- To do: Exactly as written, set down each line of the data below except its pictures.

- The data:
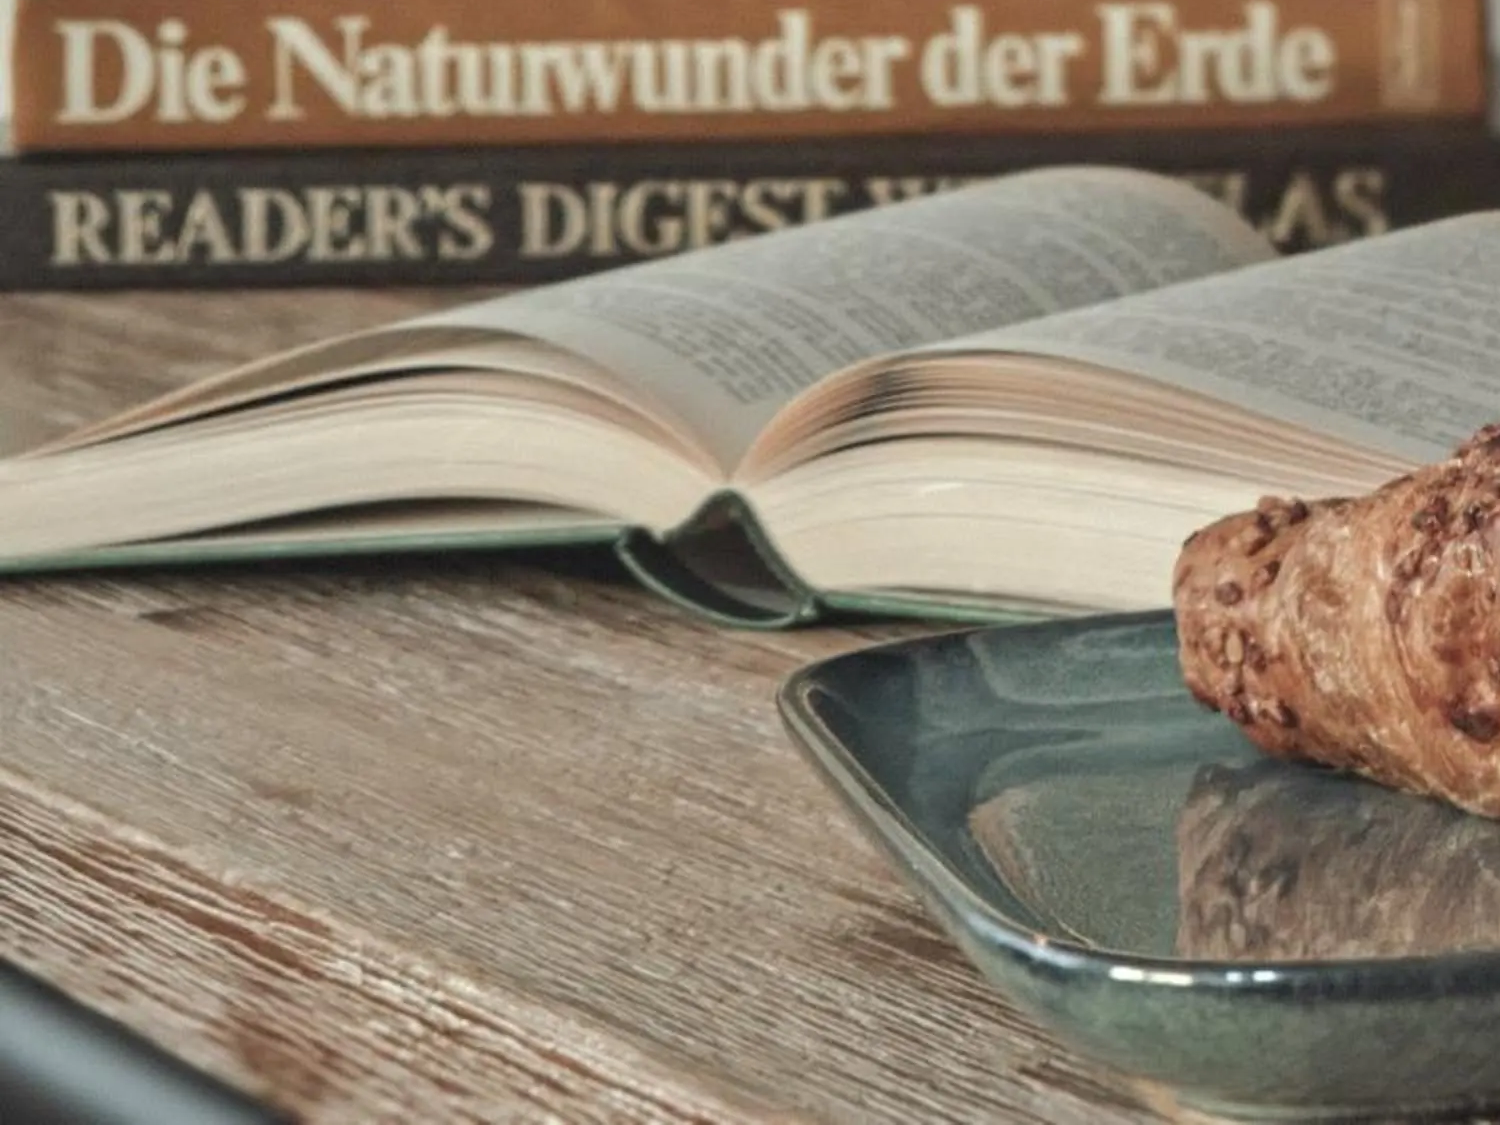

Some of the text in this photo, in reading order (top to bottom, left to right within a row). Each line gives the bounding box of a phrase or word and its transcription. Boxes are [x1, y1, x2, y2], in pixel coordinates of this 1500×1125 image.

[54, 17, 248, 125] Die
[266, 9, 909, 119] Naturwunder
[920, 3, 1087, 108] der
[47, 185, 495, 267] READER'S
[519, 177, 850, 257] DIGEST
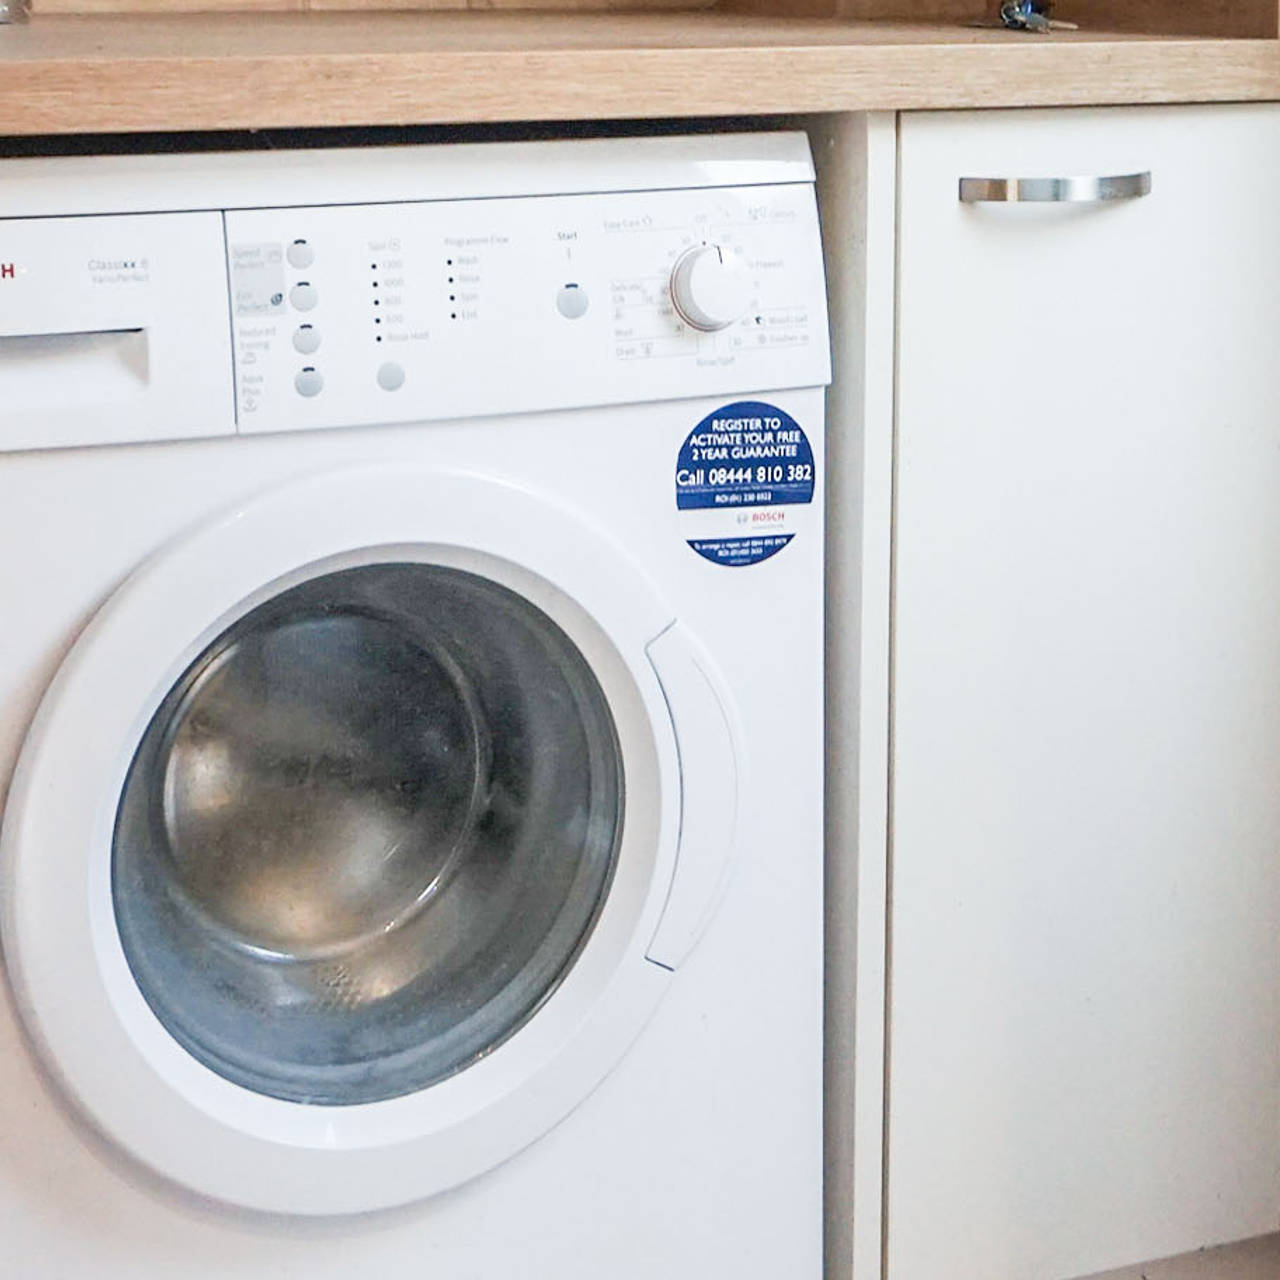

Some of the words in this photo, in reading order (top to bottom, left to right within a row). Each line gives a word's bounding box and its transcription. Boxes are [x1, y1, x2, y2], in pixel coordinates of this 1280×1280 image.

[712, 418, 762, 431] REGISTER
[763, 417, 781, 430] TO
[689, 433, 742, 446] ACTIVATE
[743, 432, 774, 445] YOUR
[776, 430, 801, 443] FREE
[692, 450, 699, 461] 2
[699, 448, 729, 460] YEAR
[731, 445, 798, 459] GUARANTEE
[677, 470, 704, 486] Call
[708, 468, 752, 485] 08444
[756, 466, 783, 482] 810
[787, 464, 812, 481] 382
[752, 511, 785, 522] BOSCH

- Solution:
Some of the text in this photo, in reading order (top to bottom, left to right within a row). Each line gives the bounding box of a phrase or word and its transcription. Boxes are [x1, y1, x2, y2], in pixel coordinates of this 1500×1125 image.

[54, 17, 248, 125] Die
[266, 9, 909, 119] Naturwunder
[920, 3, 1087, 108] der
[47, 185, 495, 267] READER'S
[519, 177, 850, 257] DIGEST

Some of the words in this photo, in reading order (top to bottom, left to right within a row). Each line gives a word's bounding box and its transcription. Boxes are [x1, y1, x2, y2], in pixel coordinates of this 1280×1280 image.

[712, 418, 762, 431] REGISTER
[763, 417, 781, 430] TO
[689, 433, 742, 446] ACTIVATE
[743, 432, 774, 445] YOUR
[776, 430, 801, 443] FREE
[692, 450, 699, 461] 2
[699, 448, 729, 460] YEAR
[731, 445, 798, 459] GUARANTEE
[677, 470, 704, 486] Call
[708, 468, 752, 485] 08444
[756, 466, 783, 482] 810
[787, 464, 812, 481] 382
[752, 511, 785, 522] BOSCH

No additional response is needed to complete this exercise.